**Instructions for the task**
Only the lines from the line containing "Some of the words" to the end of the material belong in the copy; set them down exactly, without pictures.

**Dataset extract**
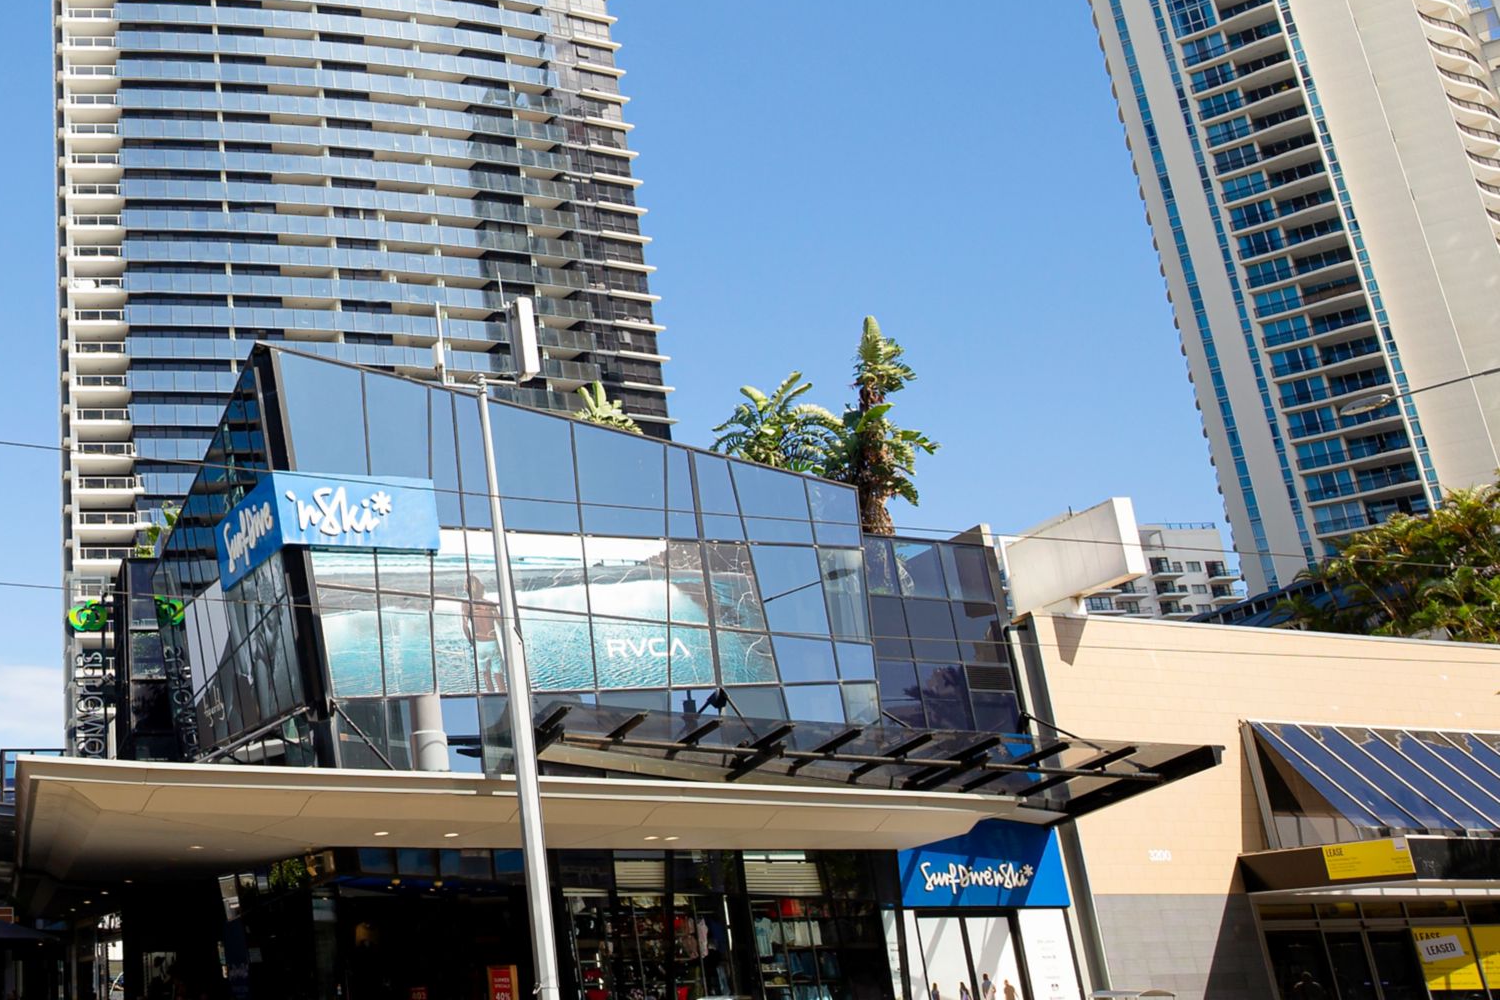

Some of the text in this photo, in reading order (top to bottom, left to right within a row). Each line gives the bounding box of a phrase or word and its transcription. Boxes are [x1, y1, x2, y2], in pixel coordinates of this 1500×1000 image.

[606, 638, 691, 658] RVCA
[1325, 848, 1344, 858] LEASE
[1426, 943, 1457, 956] LEASED
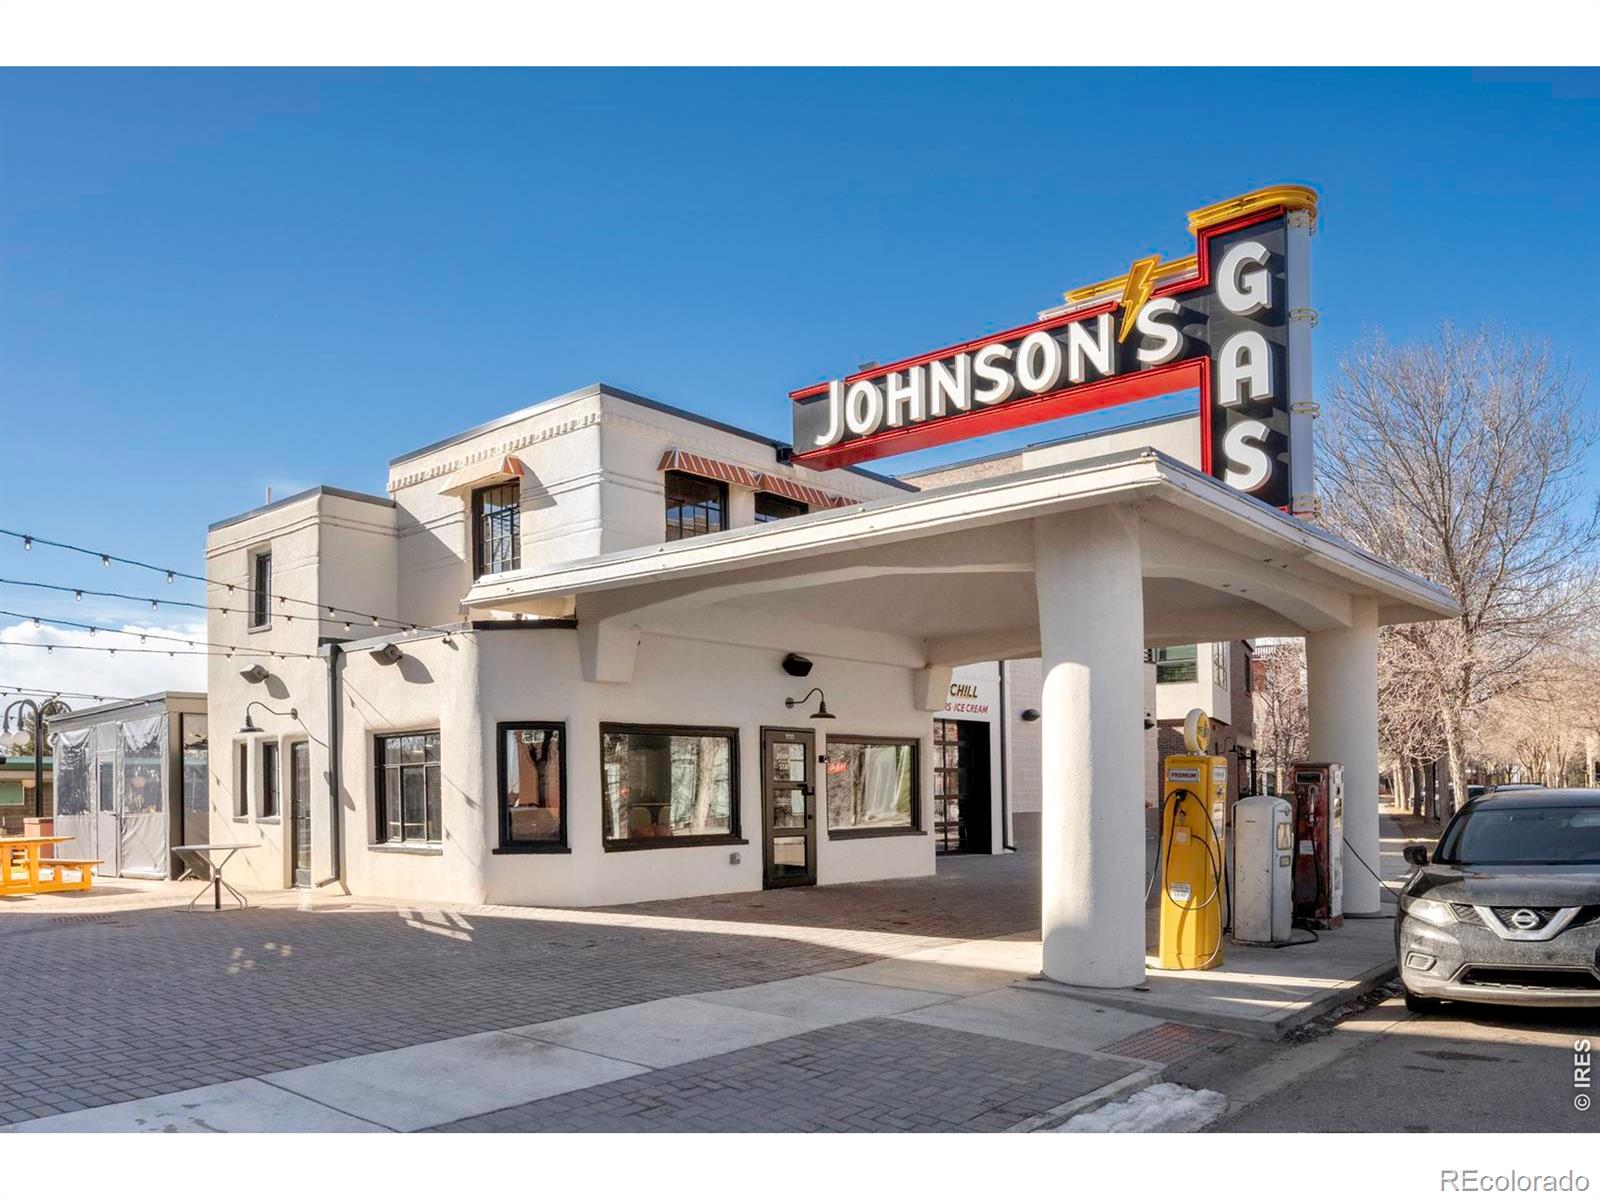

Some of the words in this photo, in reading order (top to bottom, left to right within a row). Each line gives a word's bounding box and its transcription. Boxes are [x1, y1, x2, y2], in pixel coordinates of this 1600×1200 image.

[1217, 241, 1272, 493] GAS
[950, 683, 978, 698] CHILL
[953, 703, 965, 712] ICE
[966, 703, 989, 713] CREAM
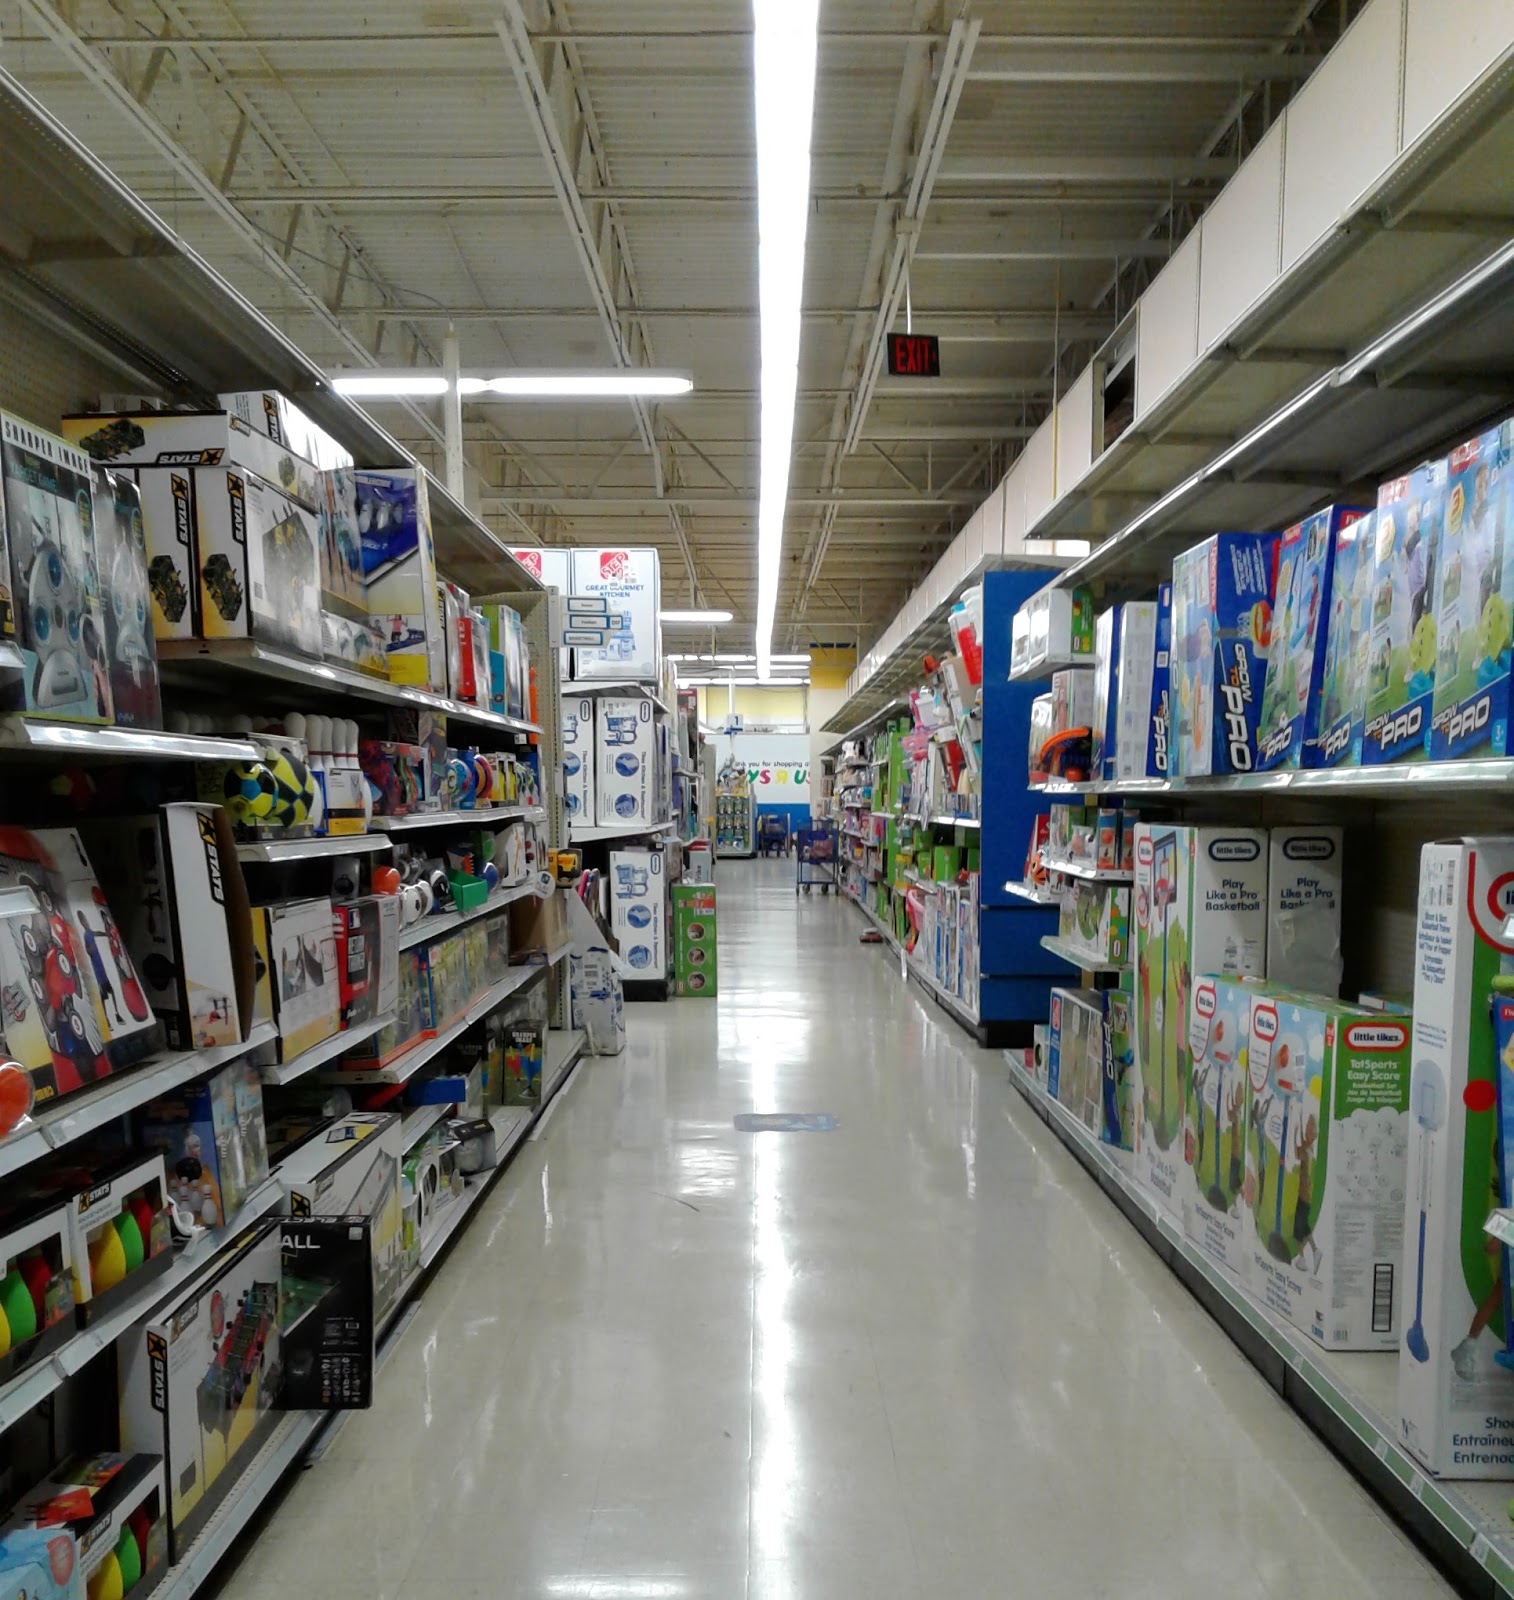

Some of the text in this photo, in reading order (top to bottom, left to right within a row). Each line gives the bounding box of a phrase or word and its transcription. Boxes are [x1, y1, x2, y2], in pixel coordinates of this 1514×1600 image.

**Written response**
Some of the words in this photo, in reading order (top to bottom, left to right within a row). Each line gives a word's bounding box and its transcription. Boxes are [x1, y1, x2, y2], in pixel coordinates of this 1600×1200 image.

[1217, 241, 1272, 493] GAS
[950, 683, 978, 698] CHILL
[953, 703, 965, 712] ICE
[966, 703, 989, 713] CREAM

Some of the text in this photo, in reading order (top to bottom, left to right within a row). Each line gives the bounding box of a phrase or word and its transcription. Boxes are [x1, y1, x2, y2], in pixel coordinates of this 1514×1600 image.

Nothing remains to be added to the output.